Sometimes I think we live in this world but then I wake up!
Don't default fork MP into Jakarta EE
There should be no default rule for the relationship between Jakarta EE and MicroProfile because each MicroProfile specification is often driven by a mix of different developers, vendors and communities who may not want their efforts forked. To ignore them is tantamount to a hostile take-over. The Jakarta EE communities should work with them and try to persuade them to see their point of view. However, if the MP spec community cannot be persuaded then I caution continuing with a fork. Embed and try to work together because the MP spec should still be usable within Jakarta EE. And working with the original community is a far better path to future success than trying to split efforts - anyone remember Hudson these days?
If no way to collaborate can be found, including simply embedding that spec into Jakarta EE, then I'd suggest that there is something fundamentally wrong with that specific MP community or those in Jakarta EE. I really can't see this ever happening though so it's not worth further consideration.
Then there's the notion of changing the namespace of a MP specification if it is "imported". Well I also don't think that should be a hard and fast rule either. It should be something that is worked out between the MP specification in question and the Jakarta EE community. It should also not be a reason to reject importing and collaborating with the MP community and defaulting to a hostile-like fork.
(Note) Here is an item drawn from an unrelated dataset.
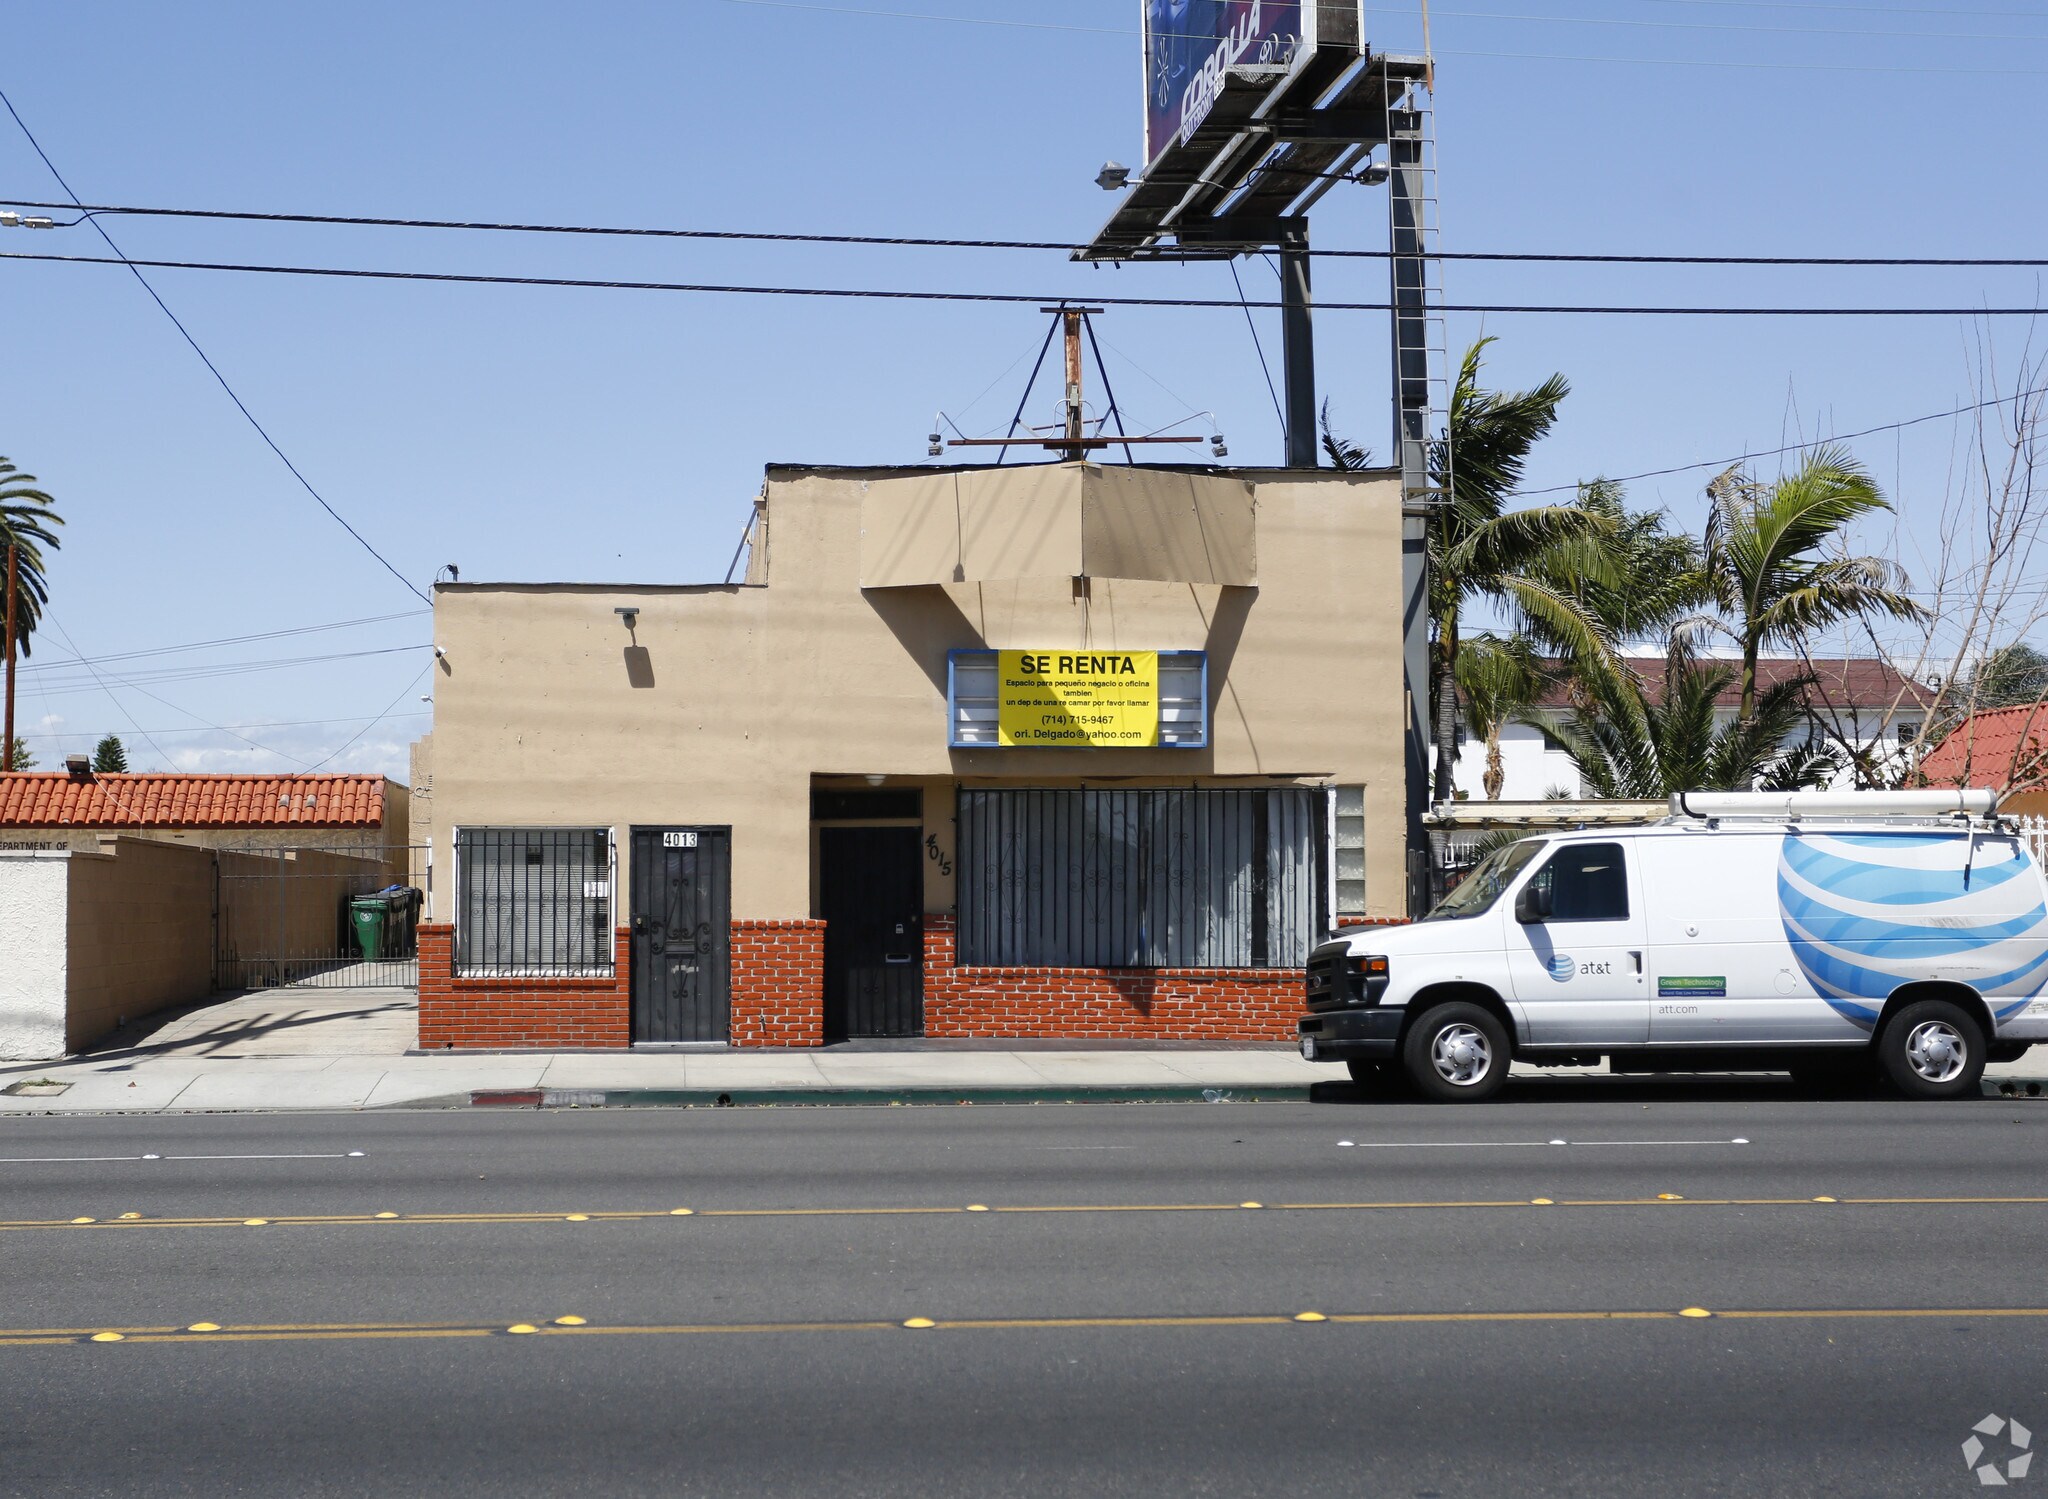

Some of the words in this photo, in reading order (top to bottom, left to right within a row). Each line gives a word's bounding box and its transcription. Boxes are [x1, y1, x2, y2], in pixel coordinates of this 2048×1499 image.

And that brings me to the final question: where does work on the MP specification continue, assuming it does need to continue? Well guess what? I think that's up to the MP spec community since they are the founders of their work and their future destiny. If they feel that innovation should shift entirely to Jakarta EE then go for it, with all of my support. But likewise, if they feel innovation should continue in MP and maybe they are a part of the corresponding Jakarta EE community they work to pull updates across when it makes sense. A great collaboration.